◆ **TASK**: Write the records out exactly as they read, but not the pictures.

Start of Block

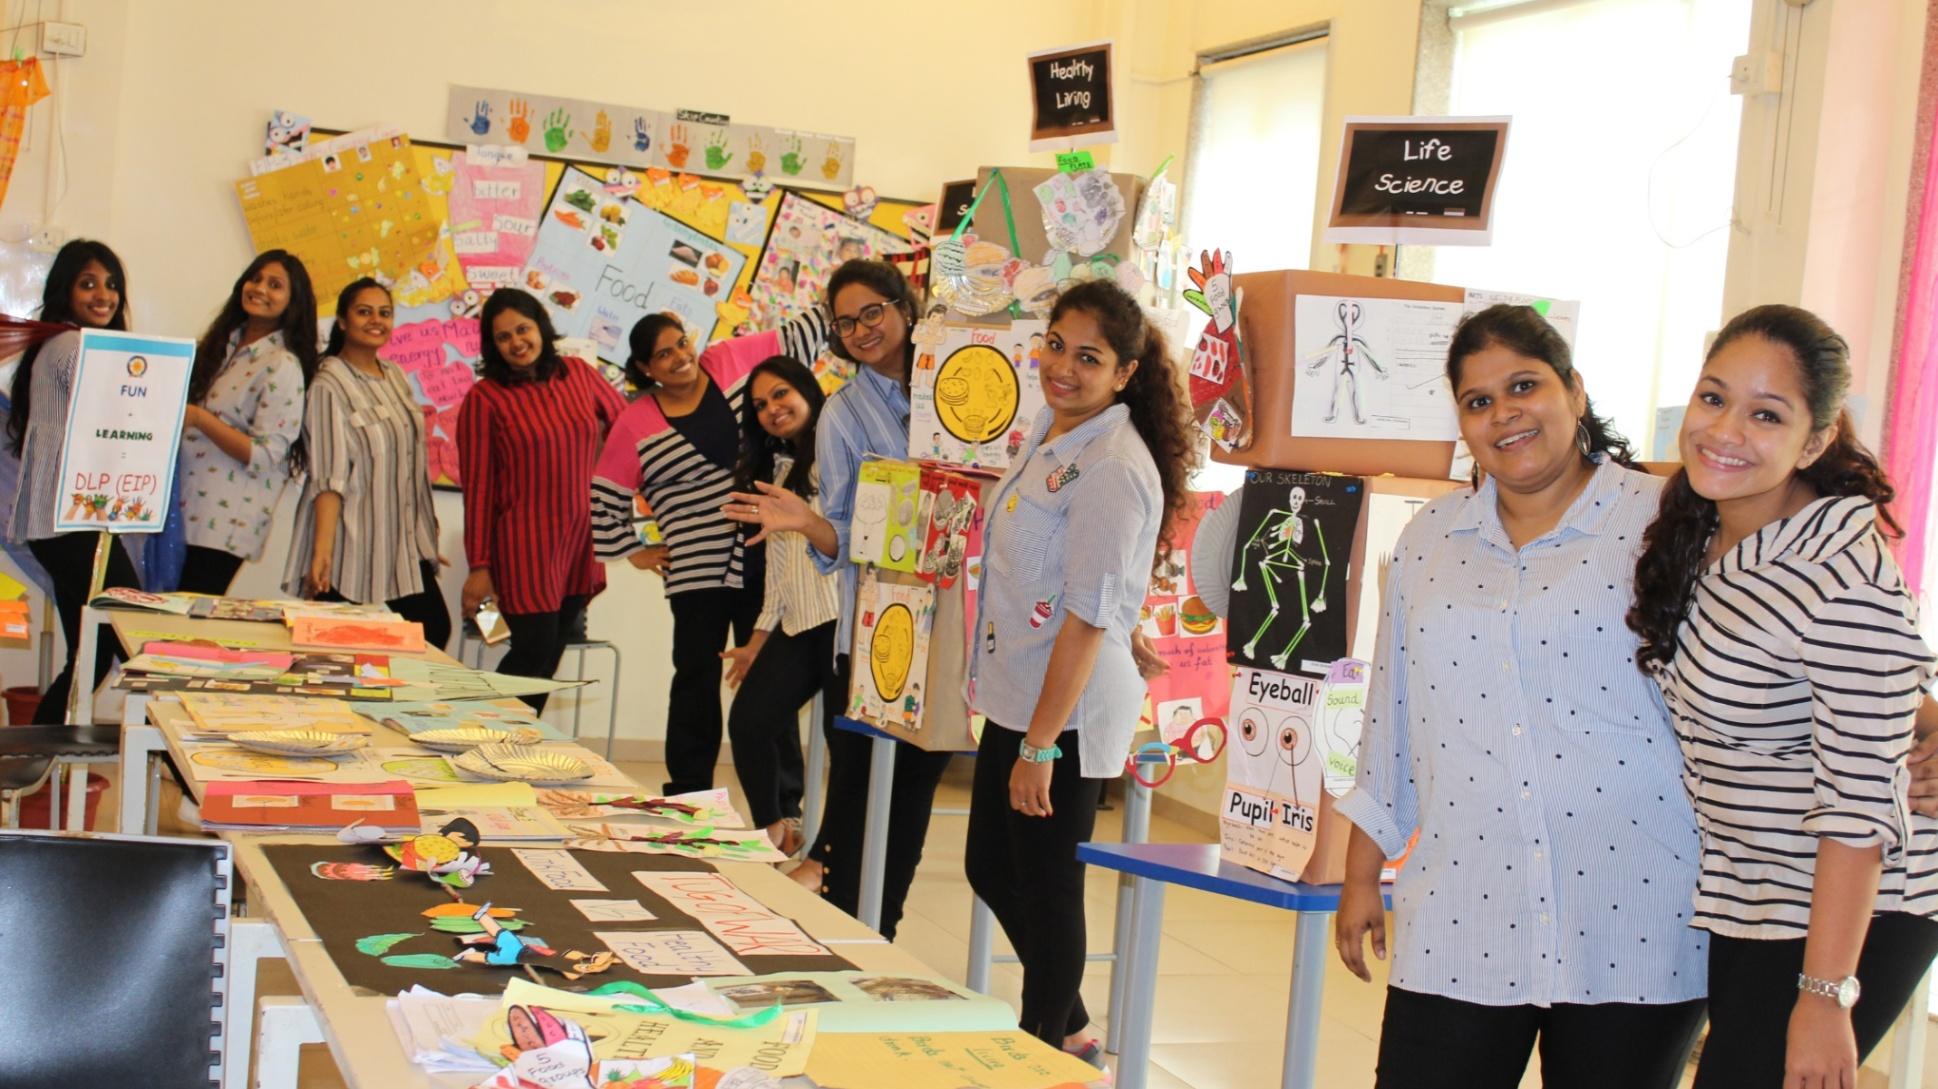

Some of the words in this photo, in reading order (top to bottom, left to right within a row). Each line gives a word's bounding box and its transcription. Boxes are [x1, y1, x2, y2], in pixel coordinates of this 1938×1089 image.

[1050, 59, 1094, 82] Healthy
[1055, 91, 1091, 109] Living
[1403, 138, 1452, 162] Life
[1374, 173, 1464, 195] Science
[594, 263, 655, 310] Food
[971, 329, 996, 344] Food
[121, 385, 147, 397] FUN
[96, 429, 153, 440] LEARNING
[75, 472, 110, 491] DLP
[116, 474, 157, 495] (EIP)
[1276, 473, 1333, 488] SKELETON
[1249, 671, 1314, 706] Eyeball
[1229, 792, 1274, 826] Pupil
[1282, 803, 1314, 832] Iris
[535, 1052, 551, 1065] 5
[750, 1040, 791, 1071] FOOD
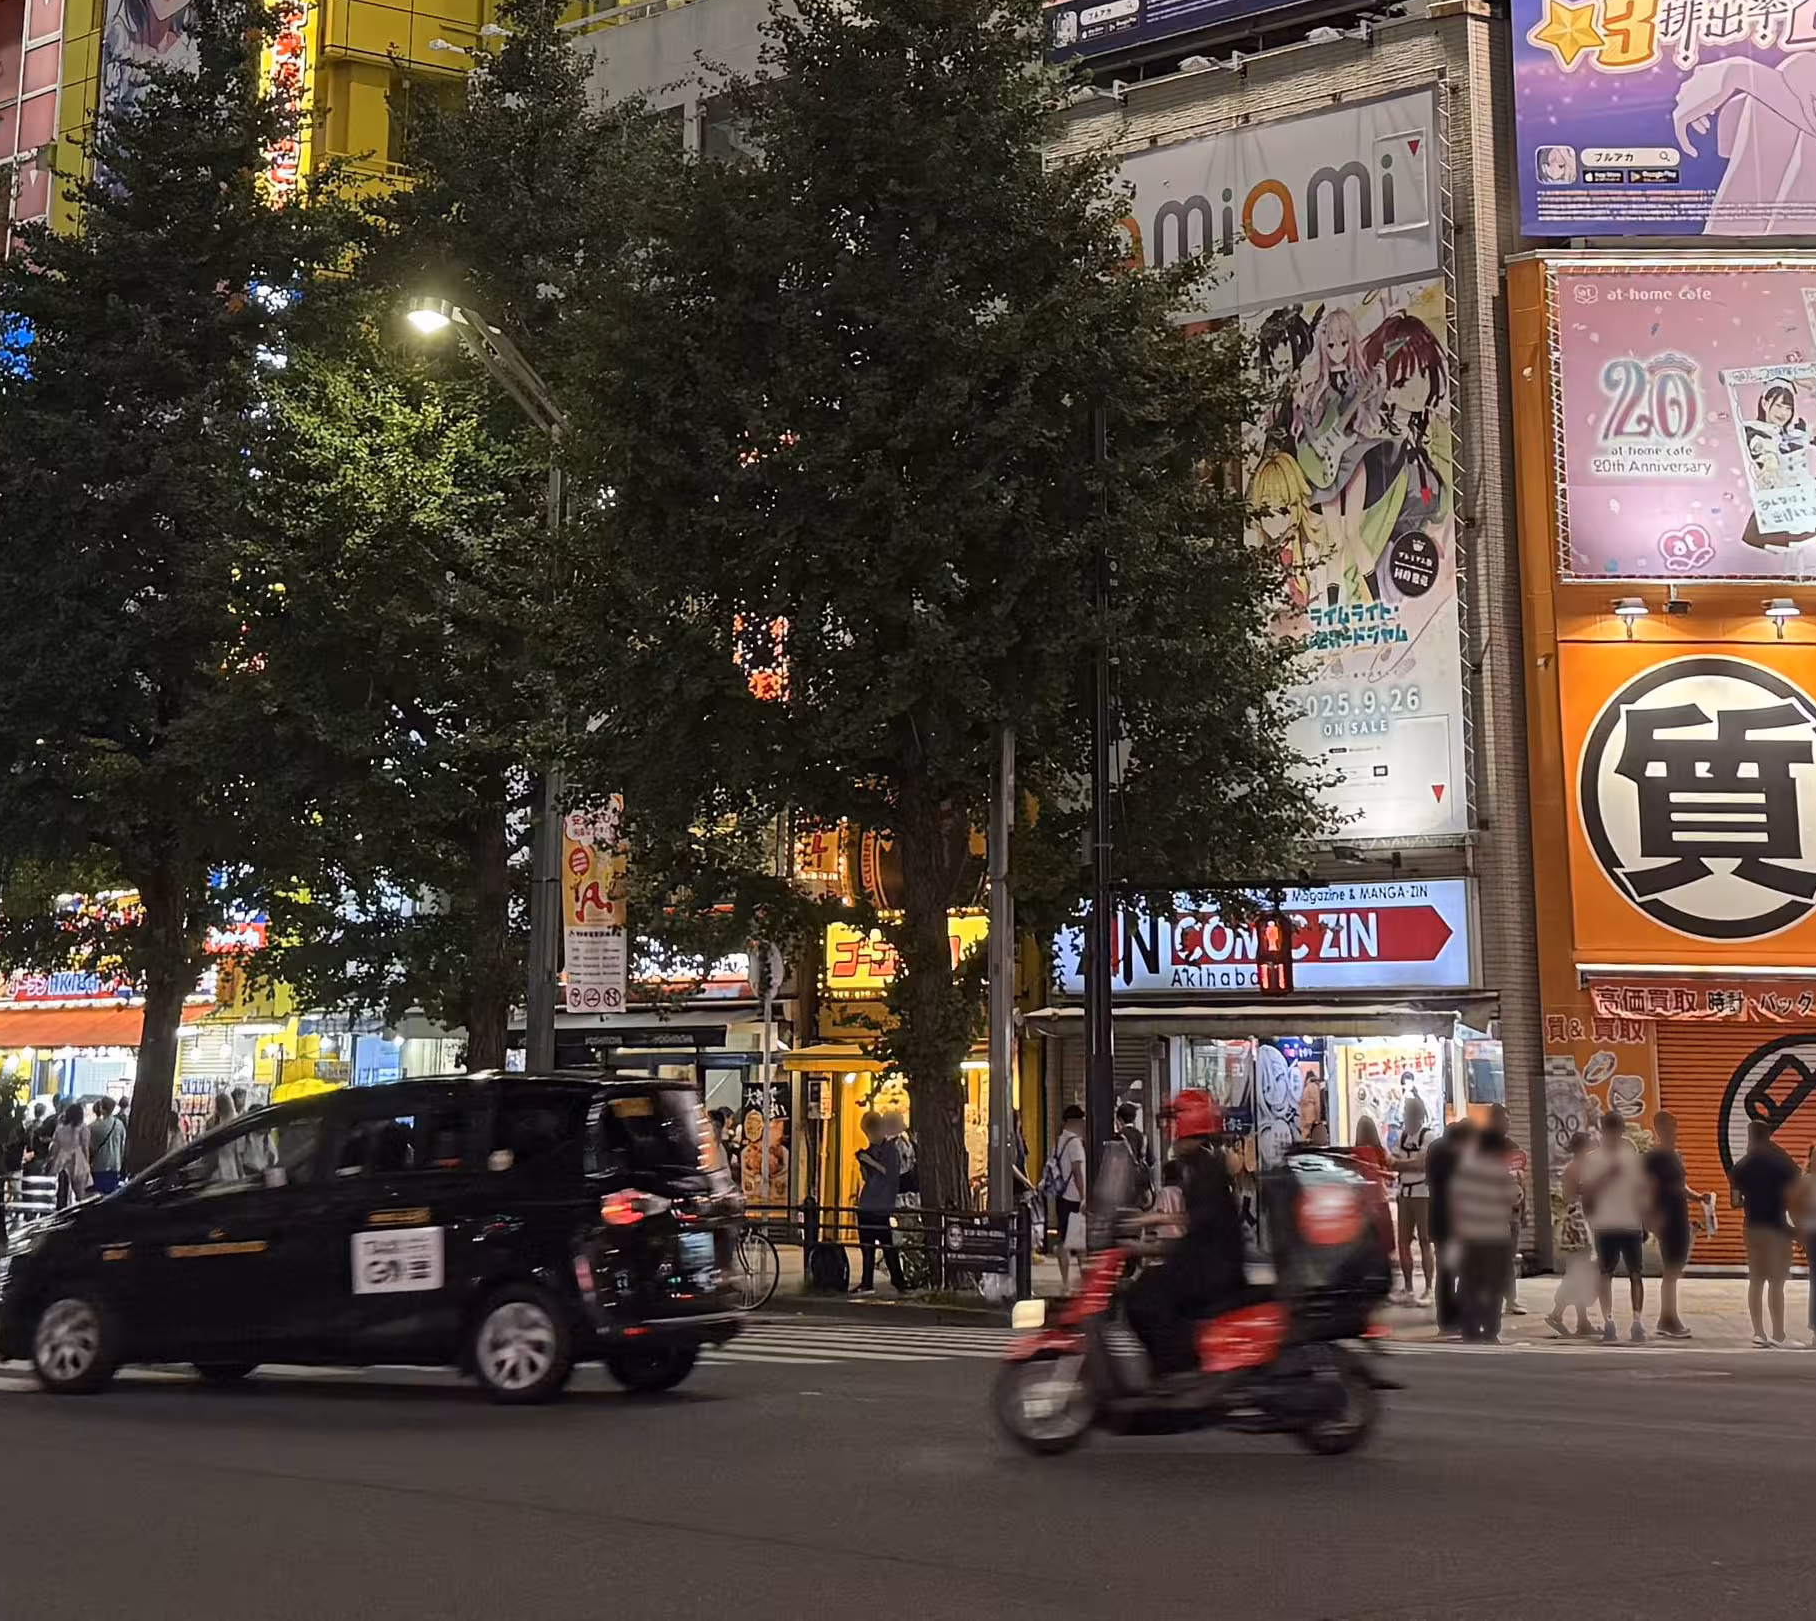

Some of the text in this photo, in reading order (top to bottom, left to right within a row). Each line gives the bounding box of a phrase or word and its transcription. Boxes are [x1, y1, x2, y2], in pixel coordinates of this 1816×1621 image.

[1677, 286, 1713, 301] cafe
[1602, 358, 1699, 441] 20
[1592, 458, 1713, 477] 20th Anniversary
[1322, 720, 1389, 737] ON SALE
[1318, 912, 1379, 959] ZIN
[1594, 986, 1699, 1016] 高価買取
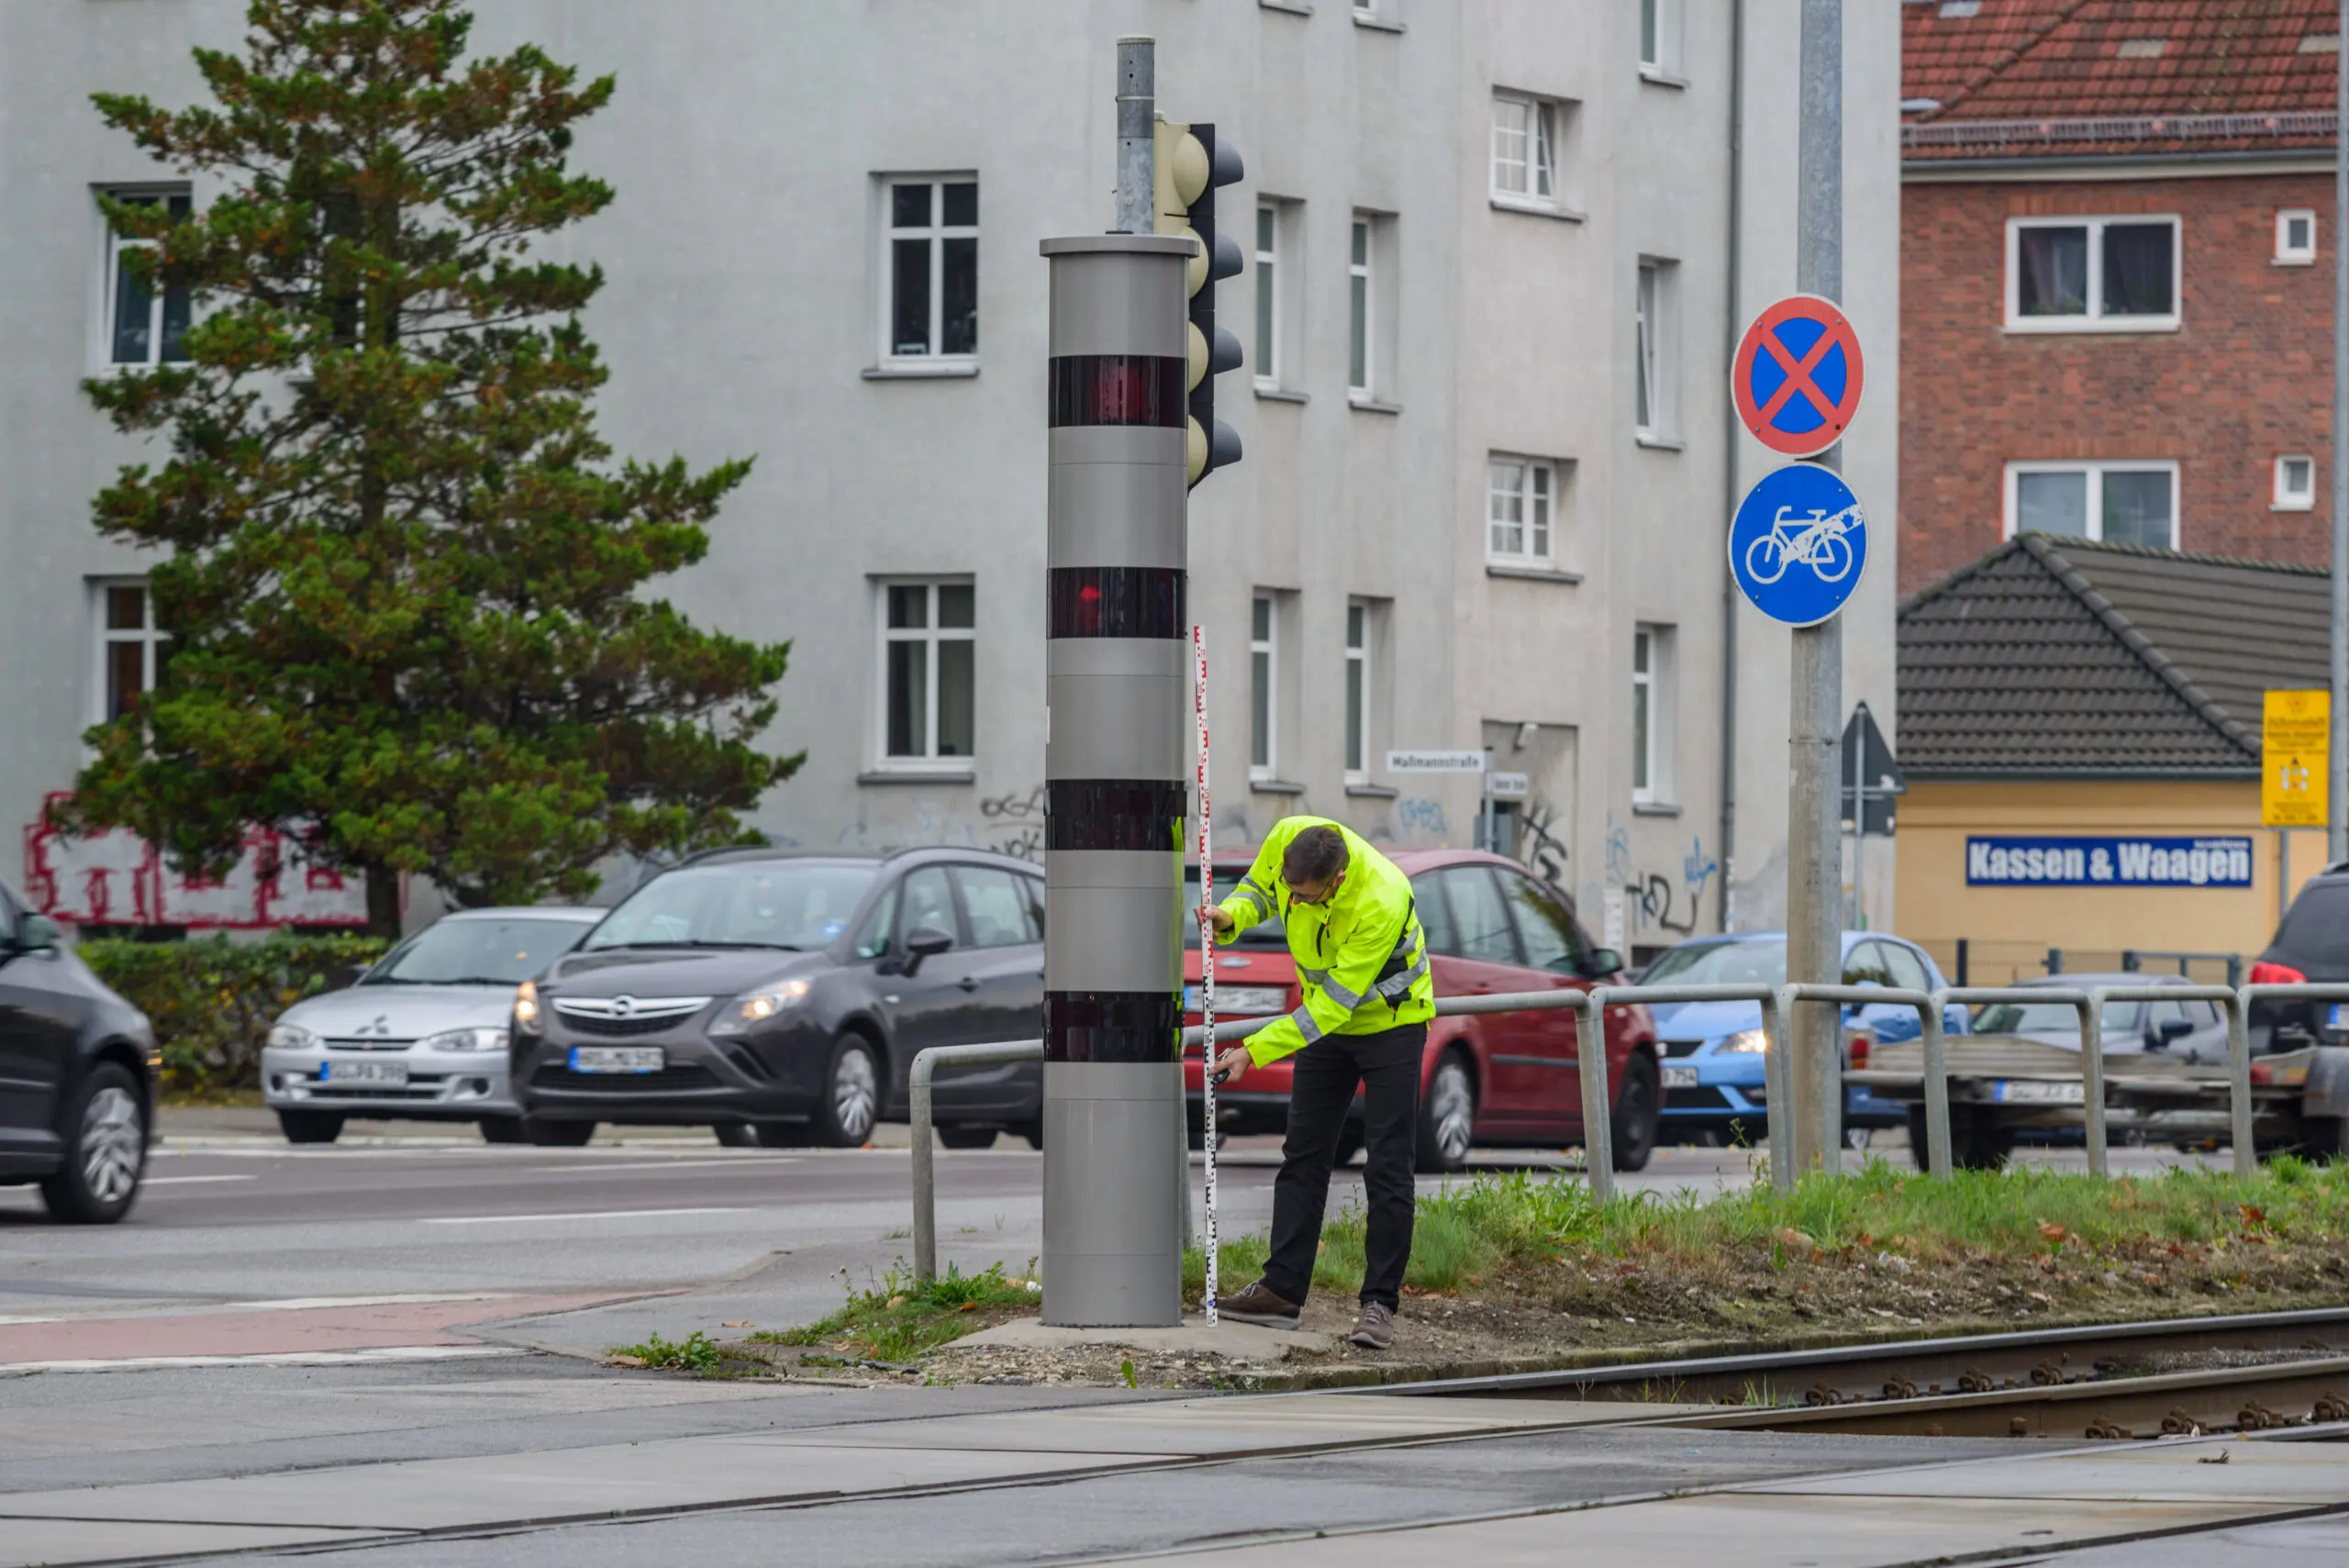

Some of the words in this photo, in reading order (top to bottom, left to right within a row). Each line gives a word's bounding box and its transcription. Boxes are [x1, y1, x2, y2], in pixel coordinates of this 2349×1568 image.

End of Block

◆ **OUTPUT**:
Some of the words in this photo, in reading order (top to bottom, left to right within a row). Each line gives a word's bounding box and its transcription. Boxes are [x1, y1, x2, y2], in pixel coordinates of this 1938×1089 image.

[1050, 59, 1094, 82] Healthy
[1055, 91, 1091, 109] Living
[1403, 138, 1452, 162] Life
[1374, 173, 1464, 195] Science
[594, 263, 655, 310] Food
[971, 329, 996, 344] Food
[121, 385, 147, 397] FUN
[96, 429, 153, 440] LEARNING
[75, 472, 110, 491] DLP
[116, 474, 157, 495] (EIP)
[1276, 473, 1333, 488] SKELETON
[1249, 671, 1314, 706] Eyeball
[1229, 792, 1274, 826] Pupil
[1282, 803, 1314, 832] Iris
[535, 1052, 551, 1065] 5
[750, 1040, 791, 1071] FOOD

Some of the text in this photo, in reading order (top to bottom, left to right within a row). Each line gives the bounding box of a phrase or word and its transcription. Boxes are [x1, y1, x2, y2], in pixel coordinates of this 1816×1621 image.

[1677, 286, 1713, 301] cafe
[1602, 358, 1699, 441] 20
[1592, 458, 1713, 477] 20th Anniversary
[1322, 720, 1389, 737] ON SALE
[1318, 912, 1379, 959] ZIN
[1594, 986, 1699, 1016] 高価買取

Some of the words in this photo, in reading order (top to bottom, left to right within a row). Each line gives a word's bounding box and its transcription. Boxes are [x1, y1, x2, y2], in pixel coordinates of this 2349×1568 image.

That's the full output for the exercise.